---------- Supplied data ----------

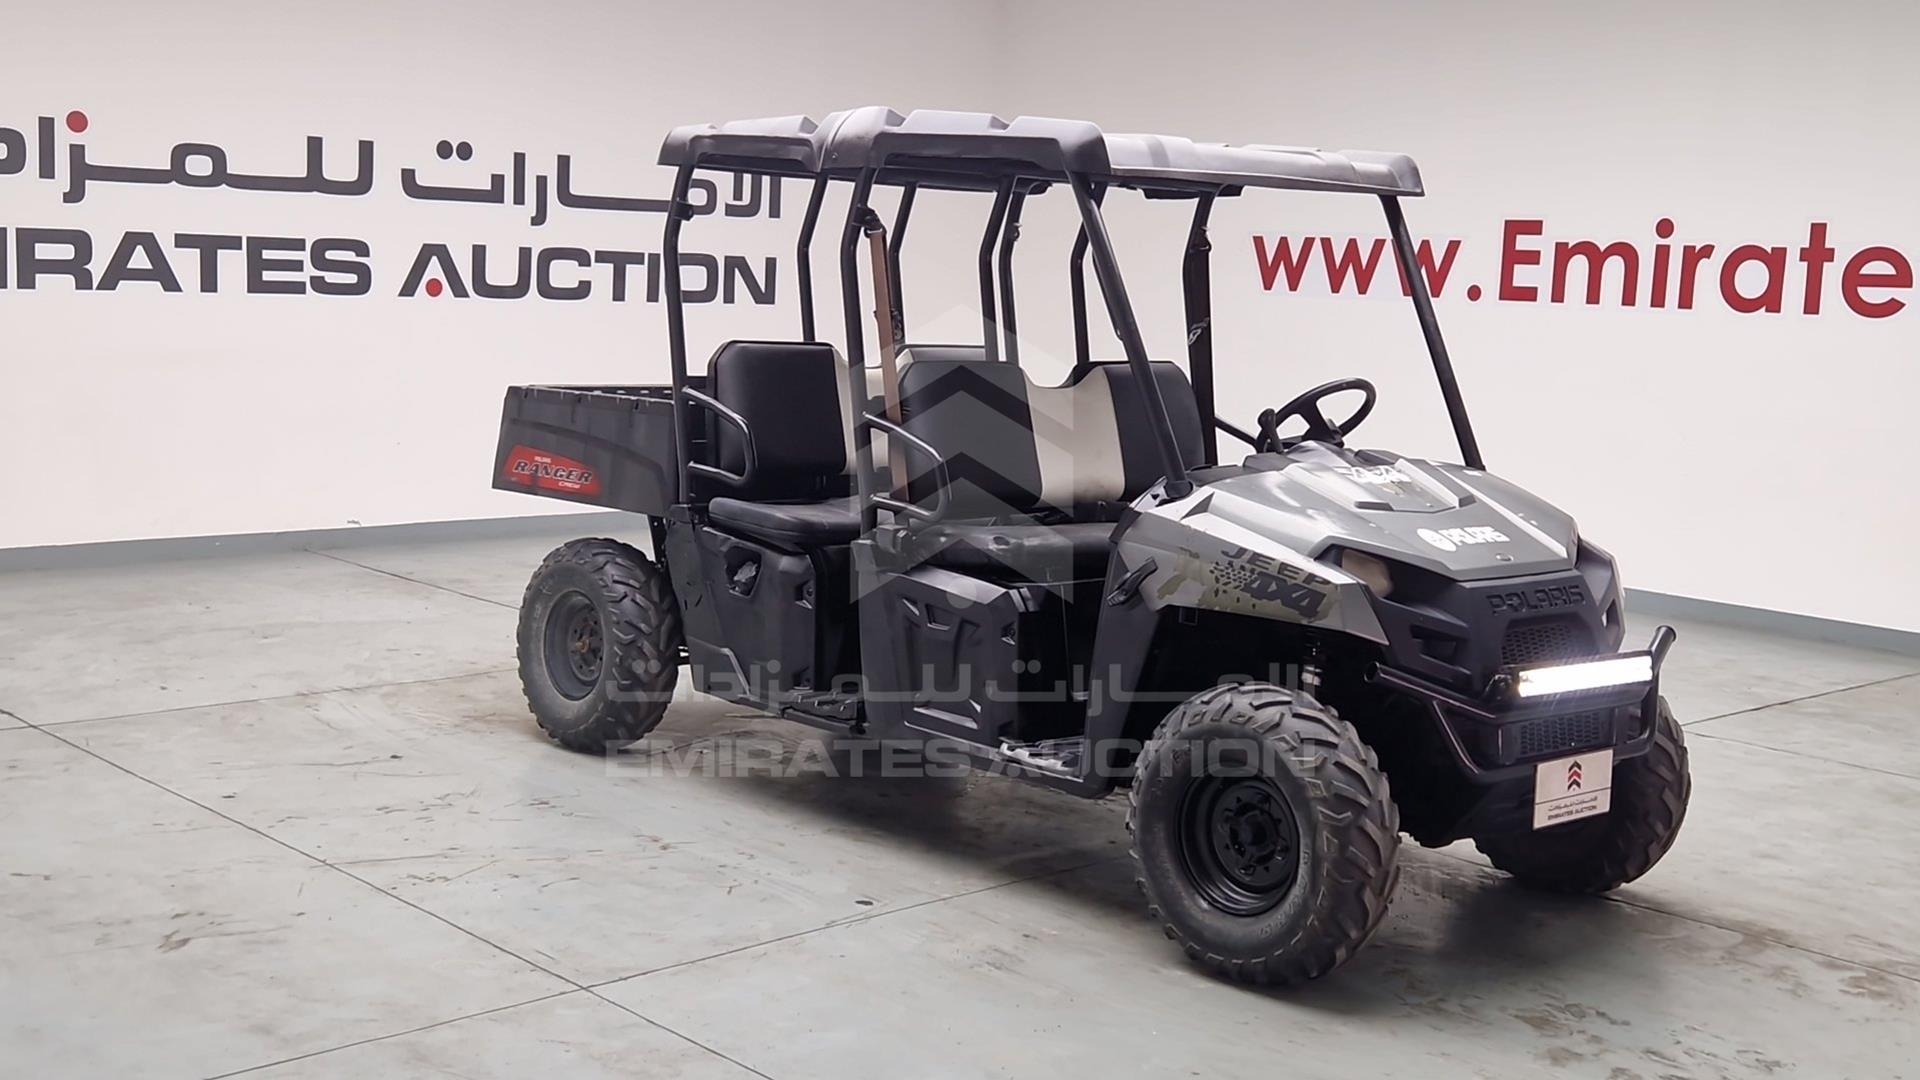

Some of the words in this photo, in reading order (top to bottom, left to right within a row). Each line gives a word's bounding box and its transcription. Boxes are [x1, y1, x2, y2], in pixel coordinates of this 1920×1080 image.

[398, 243, 777, 306] AUCTION
[512, 459, 593, 484] RANGER
[1220, 546, 1334, 587] JEEP
[1485, 585, 1588, 615] POLARIS
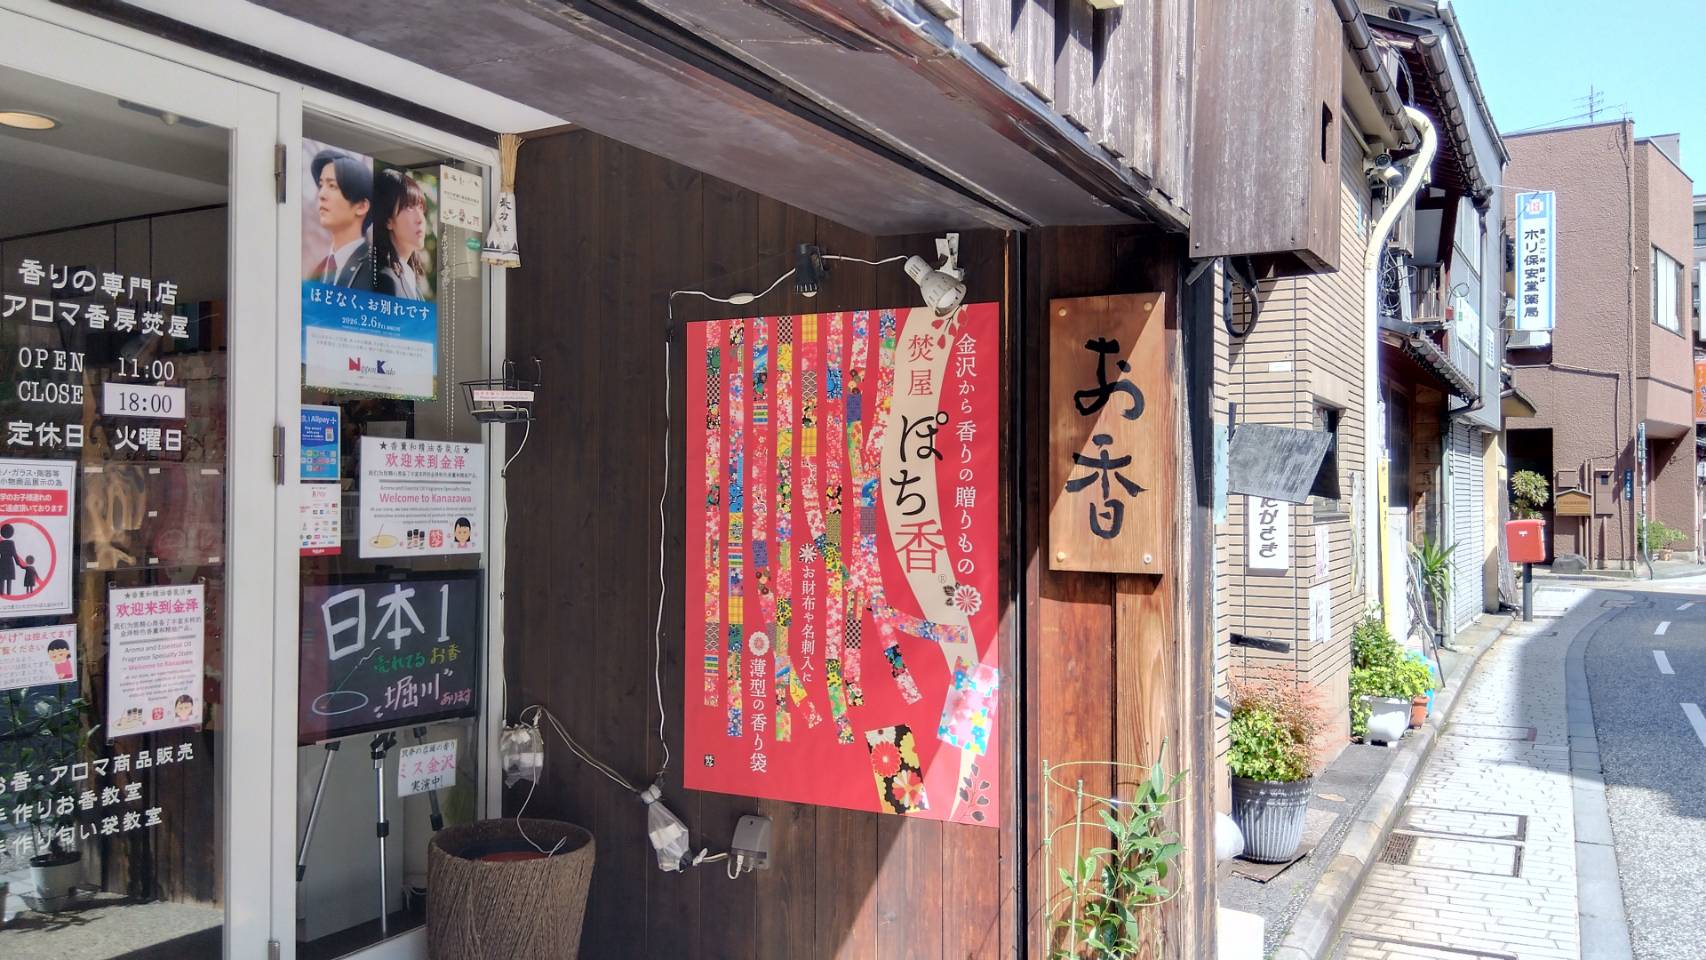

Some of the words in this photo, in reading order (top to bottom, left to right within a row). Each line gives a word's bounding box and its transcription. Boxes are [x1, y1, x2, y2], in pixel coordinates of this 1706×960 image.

[18, 258, 178, 305] 香りの専門店
[1524, 229, 1539, 318] ホリ保安堂薬局
[2, 294, 190, 338] アロマ香房焚屋
[310, 288, 430, 320] ほどなく、お別れです
[18, 347, 86, 373] OPEN
[117, 357, 175, 381] 11:00
[908, 334, 935, 397] 焚屋
[18, 380, 84, 405] CLOSE
[118, 392, 173, 413] 18:00
[7, 420, 84, 448] 定休日
[114, 425, 182, 451] 火曜日
[955, 333, 977, 574] 金沢から香りの贈りもの
[1065, 337, 1149, 539] お香
[385, 452, 466, 470] 欢迎来到金泽
[379, 493, 420, 503] Welcome
[421, 493, 430, 503] to
[431, 494, 472, 504] Kanazawa
[889, 411, 949, 574] ぽち香
[116, 597, 199, 618] 欢迎来到金泽
[321, 584, 450, 661] 日本1
[801, 567, 816, 683] お財布や名刺入に
[749, 658, 768, 773] 薄型の香り袋
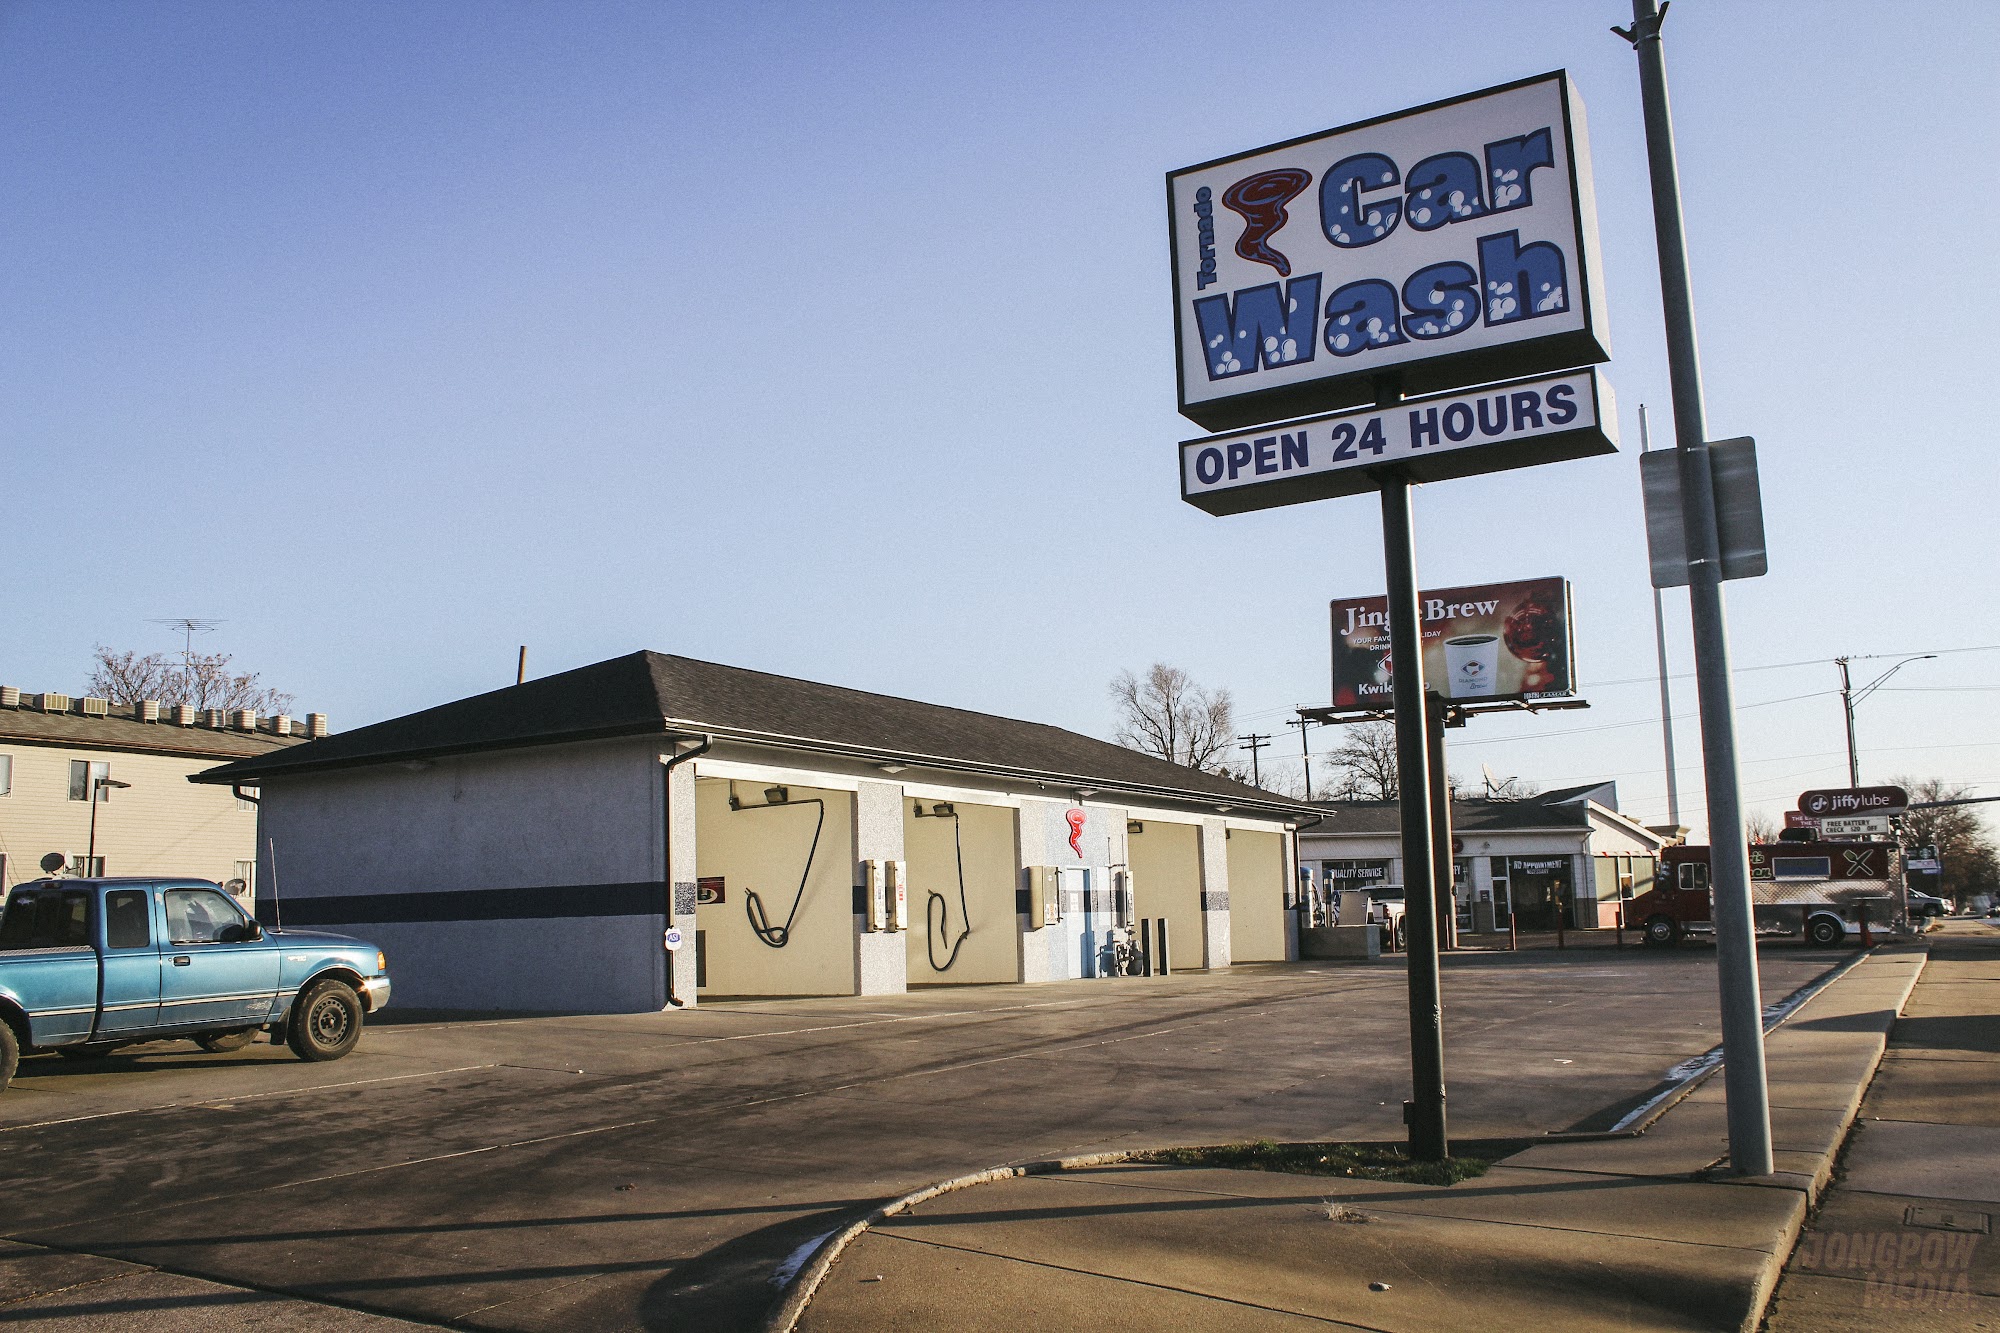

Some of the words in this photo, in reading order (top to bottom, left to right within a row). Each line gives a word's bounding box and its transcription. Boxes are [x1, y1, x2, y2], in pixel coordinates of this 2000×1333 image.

[1319, 126, 1555, 249] Car
[1194, 186, 1217, 290] Tornado
[1193, 228, 1570, 382] Wash
[1196, 431, 1309, 485] OPEN
[1331, 418, 1386, 463] 24
[1409, 384, 1578, 449] HOURS
[1424, 599, 1499, 621] Brew
[1353, 637, 1372, 645] YOUR
[1358, 682, 1393, 695] Kwik
[1843, 819, 1870, 827] BATTERY
[1357, 867, 1383, 878] SERVICE
[1513, 860, 1522, 869] NO
[1523, 860, 1562, 869] APPOINTMENT

----------

What this task involves – Repeat each entry above exactly, passing over any images.

The completed task –
Some of the words in this photo, in reading order (top to bottom, left to right within a row). Each line gives a word's bounding box and its transcription. Boxes are [x1, y1, x2, y2], in pixel coordinates of this 1920×1080 image.

[398, 243, 777, 306] AUCTION
[512, 459, 593, 484] RANGER
[1220, 546, 1334, 587] JEEP
[1485, 585, 1588, 615] POLARIS

Some of the words in this photo, in reading order (top to bottom, left to right within a row). Each line gives a word's bounding box and its transcription. Boxes are [x1, y1, x2, y2], in pixel coordinates of this 1706×960 image.

[18, 258, 178, 305] 香りの専門店
[1524, 229, 1539, 318] ホリ保安堂薬局
[2, 294, 190, 338] アロマ香房焚屋
[310, 288, 430, 320] ほどなく、お別れです
[18, 347, 86, 373] OPEN
[117, 357, 175, 381] 11:00
[908, 334, 935, 397] 焚屋
[18, 380, 84, 405] CLOSE
[118, 392, 173, 413] 18:00
[7, 420, 84, 448] 定休日
[114, 425, 182, 451] 火曜日
[955, 333, 977, 574] 金沢から香りの贈りもの
[1065, 337, 1149, 539] お香
[385, 452, 466, 470] 欢迎来到金泽
[379, 493, 420, 503] Welcome
[421, 493, 430, 503] to
[431, 494, 472, 504] Kanazawa
[889, 411, 949, 574] ぽち香
[116, 597, 199, 618] 欢迎来到金泽
[321, 584, 450, 661] 日本1
[801, 567, 816, 683] お財布や名刺入に
[749, 658, 768, 773] 薄型の香り袋

Some of the words in this photo, in reading order (top to bottom, left to right within a row). Each line gives a word's bounding box and its transcription. Boxes are [x1, y1, x2, y2], in pixel coordinates of this 2000×1333 image.

[1319, 126, 1555, 249] Car
[1194, 186, 1217, 290] Tornado
[1193, 228, 1570, 382] Wash
[1196, 431, 1309, 485] OPEN
[1331, 418, 1386, 463] 24
[1409, 384, 1578, 449] HOURS
[1424, 599, 1499, 621] Brew
[1353, 637, 1372, 645] YOUR
[1358, 682, 1393, 695] Kwik
[1843, 819, 1870, 827] BATTERY
[1357, 867, 1383, 878] SERVICE
[1513, 860, 1522, 869] NO
[1523, 860, 1562, 869] APPOINTMENT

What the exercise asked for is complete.